Quando as luzes se apagam na Cristandade — e o Advento acende o último fósforo


Tem dias em que a gente olha para o mundo e escuta aquele rangido fundo, como se as vigas antigas da cristandade estivessem avisando que já carregaram peso demais. Não é nostalgia barata, é percepção: parece que algo precioso foi deixado cair, e está rolando até sumir no escuro. A galera tenta colar sorriso em cima de ruína, como quem diz “relaxa, é oportunidade”, mas o coração sabe quando uma casa está desabando — e não adianta verniz globalista para segurar parede torta.
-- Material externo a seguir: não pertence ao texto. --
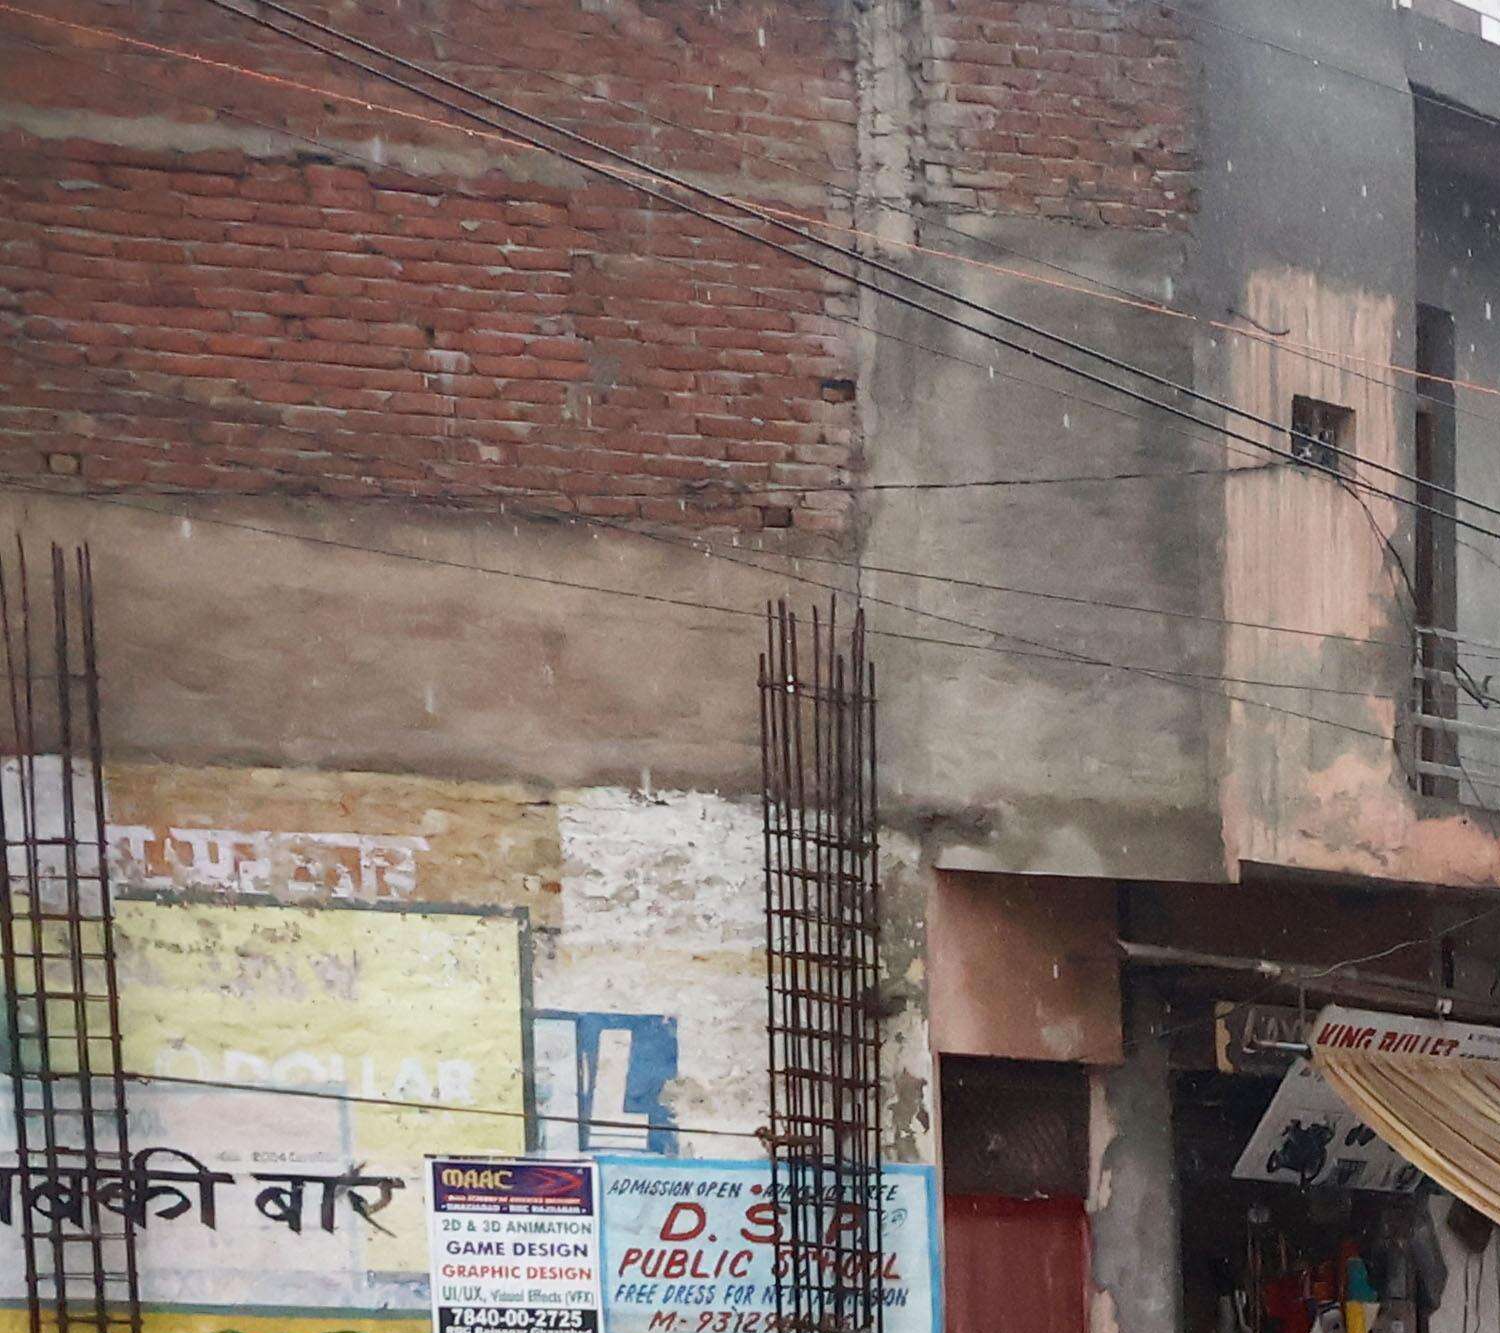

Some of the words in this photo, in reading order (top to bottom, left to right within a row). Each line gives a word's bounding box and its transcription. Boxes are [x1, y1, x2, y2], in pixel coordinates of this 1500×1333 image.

[441, 1168, 514, 1190] MAAC
[608, 1180, 690, 1197] ADMISSION
[698, 1182, 743, 1197] OPEN
[250, 1163, 407, 1239] बार
[442, 1219, 461, 1232] 2D
[467, 1219, 476, 1232] &
[483, 1220, 501, 1232] 3D
[506, 1220, 592, 1235] ANIMATION
[446, 1241, 505, 1256] GAME
[513, 1242, 589, 1258] DESIGN
[442, 1264, 521, 1279] GRAPHIC
[526, 1265, 593, 1281] DESIGN
[619, 1248, 753, 1279] PUBLIC
[615, 1284, 656, 1304] FREE
[663, 1285, 716, 1304] DRESS
[724, 1285, 755, 1304] FOR
[451, 1309, 583, 1328] 7840-00-2725
A sensação é que vivemos num intervalo. A primeira luz foi acesa na gruta de Belém: o Verbo descendo devagar, quase em segredo, iniciando um reino que nasce no peito dos humildes. A segunda luz ainda não rasgou o céu, mas já deixa o ar elétrico, como antes de um raio que faz o mundo inteiro segurar a respiração. E é nesse “entre relâmpagos” que a gente tenta caminhar.

No meio disso, dá para ver distorções que doem: rituais que perdem o peso da eternidade, altares usados como palco de invenções que não alimentam ninguém, discursos que tratam o colapso como se fosse upgrade espiritual. Parece que o sagrado foi rebaixado a cenário de teatro amador, não por maldade explícita, mas pela distração de quem deveria velar — e preferiu luzes piscando a lâmpada de azeite.
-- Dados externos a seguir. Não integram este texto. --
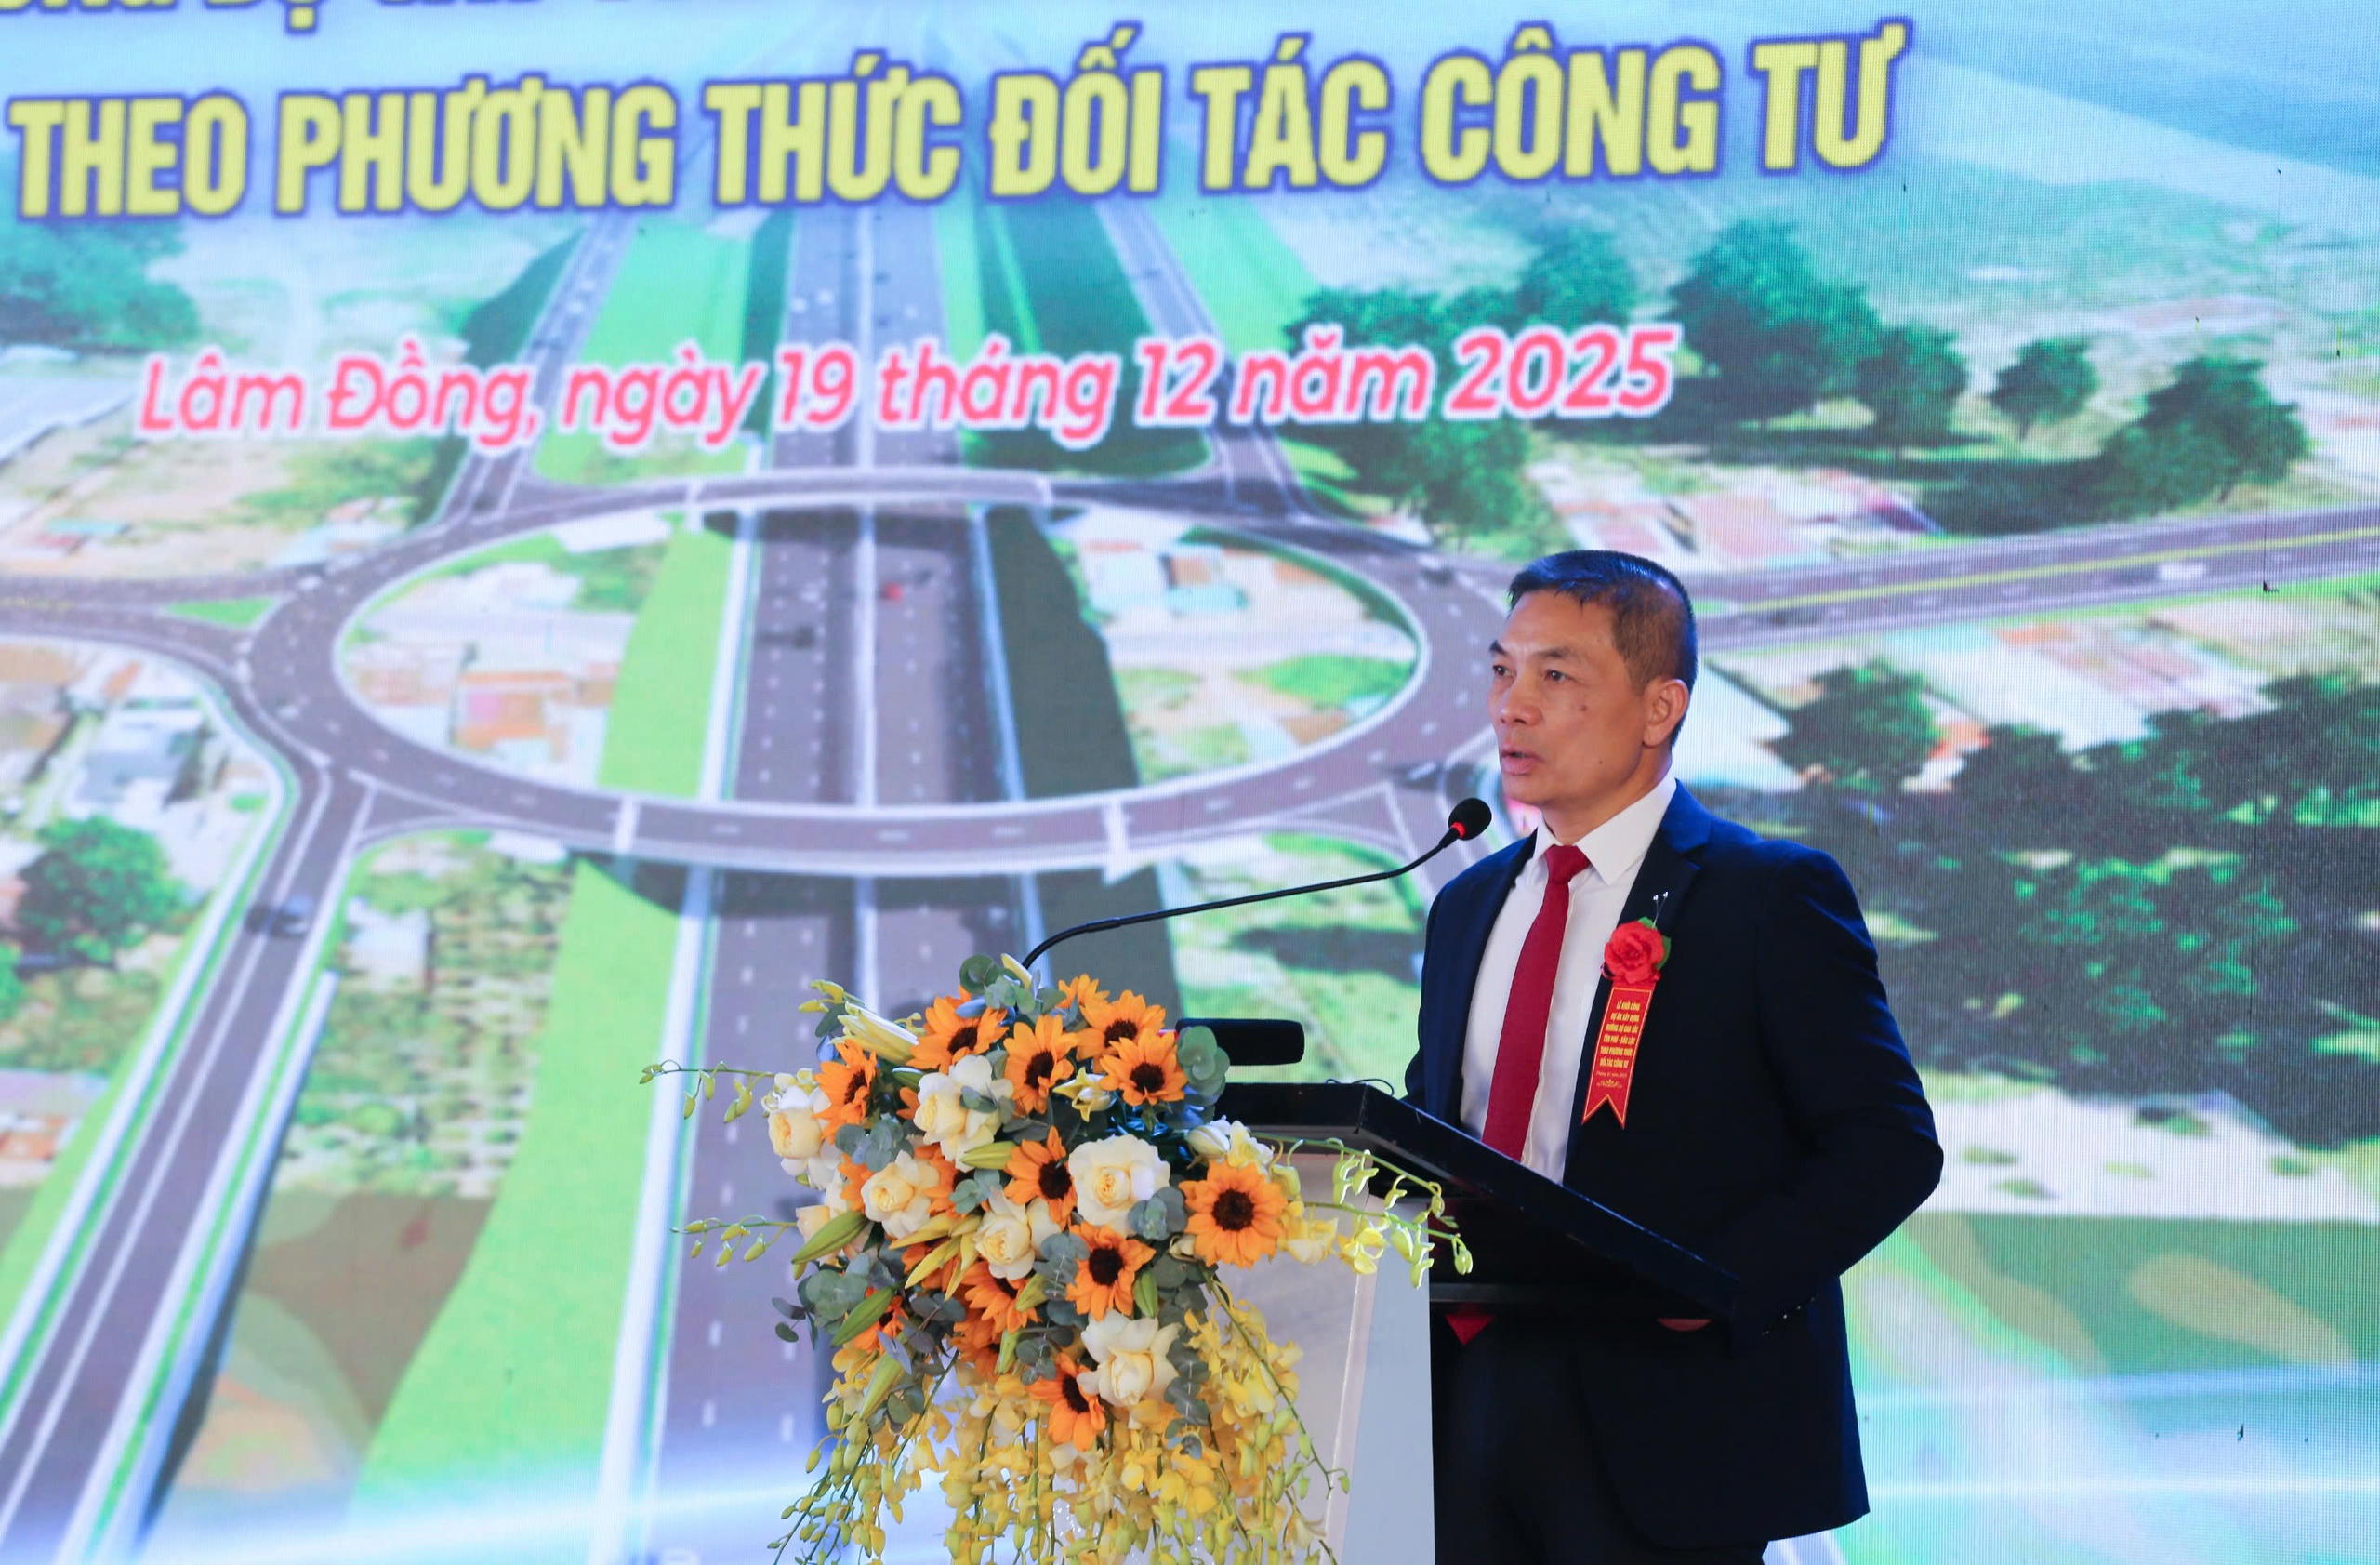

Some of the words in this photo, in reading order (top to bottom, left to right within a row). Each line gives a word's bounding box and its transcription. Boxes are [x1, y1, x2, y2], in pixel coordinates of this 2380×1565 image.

[10, 98, 247, 216] THEO
[276, 77, 676, 212] PHƯƠNG
[705, 54, 961, 203] THỨC
[989, 27, 1162, 195] ĐỐI
[1193, 37, 1388, 189] TÁC
[1421, 27, 1720, 181] CÔNG
[1753, 24, 1907, 169] TƯ
[140, 354, 303, 430] Lâm
[327, 341, 536, 446] Đồng,
[562, 349, 764, 444] ngày
[778, 350, 854, 424] 19
[879, 339, 1117, 440] tháng
[1137, 340, 1220, 418] 12
[1236, 328, 1432, 418] năm
[1448, 329, 1675, 411] 2025
Só que Advento chega sempre do mesmo jeito: baixinho, firme, real. Ele quebra essa confusão com aquele recado simples: calma. A história não está nas mãos de tiranos, nem de modinhas, nem de trending topics. Quem dirige a barca não é quem grita mais, e sim Aquele que dormia nela — e que acorda quando quer, pondo ordem no mar.

Mas Advento também joga luz dura. Mostra que negar a idolatria não a destrói; só a faz crescer nas brechas do coração. E idolatria hoje não veste máscara de ouro, não — ela se disfarça de “novidade pastoral”, de “abertura cultural”, de “coragem de mudar”. Quando você vê, o altar virou palco para qualquer símbolo, menos o do Deus que entregou a própria vida. E quem finge que não vê acaba ajoelhado diante daquilo que não salva.
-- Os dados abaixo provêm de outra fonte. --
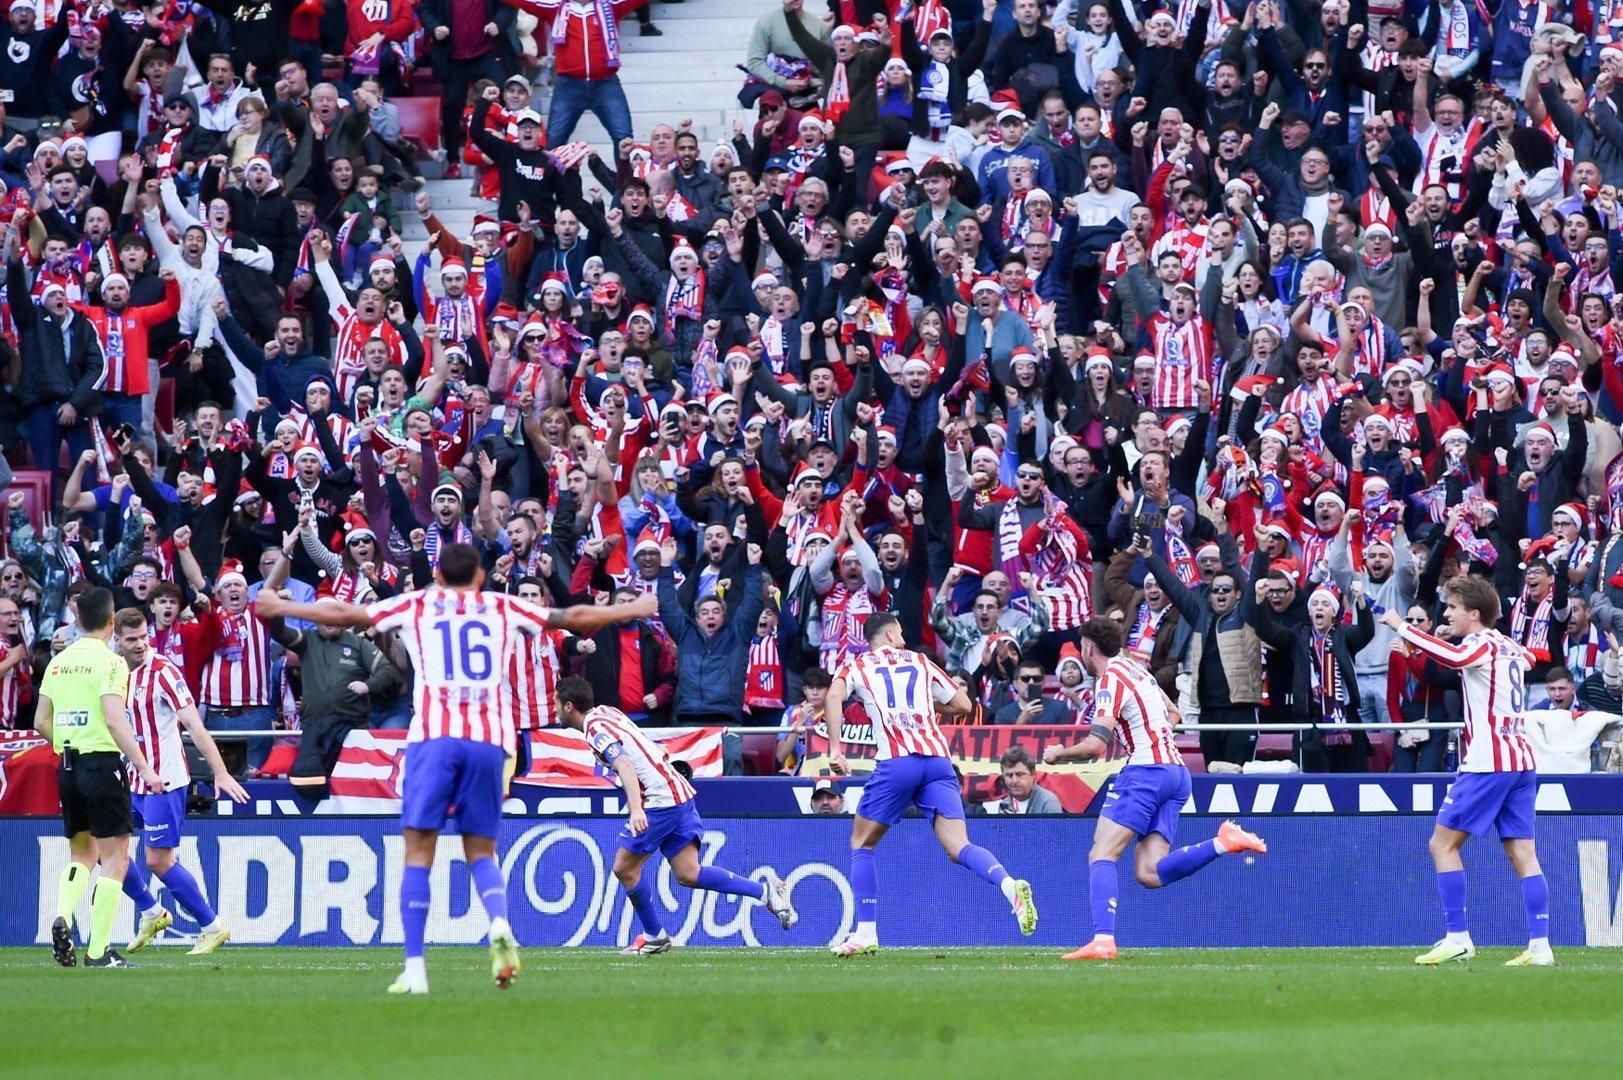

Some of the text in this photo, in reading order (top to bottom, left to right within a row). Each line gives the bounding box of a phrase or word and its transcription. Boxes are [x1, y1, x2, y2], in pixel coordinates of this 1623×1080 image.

[433, 620, 493, 681] 16
[875, 665, 919, 709] 17
[1508, 660, 1523, 713] 8
[56, 710, 89, 727] BKT
Mesmo assim, o Advento insiste: não é o caos que manda. A vitória começou na manjedoura e foi selada no Gólgota. A gente vive no intervalo, e intervalo não é derrota — é treinamento. Os antigos sabiam disso: fé não se constrói com espuma, mas com fogo. Eles atravessavam guerras, pestes, traições, sabendo que a história já tinha Autor e final. E que ninguém arranca a caneta da mão desse Autor.

E, no meio dessa narrativa, Maria fica ali — silenciosa, mas mais sólida que montanha. Ela guarda, vigia, luta sem alarde. Carrega o Filho, sente a espada, pisa o inimigo. A Igreja pode tremer, mas Ela não treme. Advento também é entrar sob esse manto: esperar com Ela, aprender com Ela, resistir com Ela.

No fim, talvez o recado seja cru, direto, sem voltas: acorda. Levanta. Fica firme. O mundo está escurecendo, mas isso não muda o destino da luz. Quem escolhe o lado agora não é quem grita mais forte, mas quem guarda, no próprio peito, a chama pequena que Deus acendeu. Essa chama é a resistência real — a que transforma o coração de pedra em carne viva.

E, no fim, sempre acontece: a luz chega. Sempre chega.

E cada Advento, ano após ano, repete com aquela doçura que corta a noite:

Ele vem.

Por seu Irmão Carmelita Secular da Antiga Observância, B.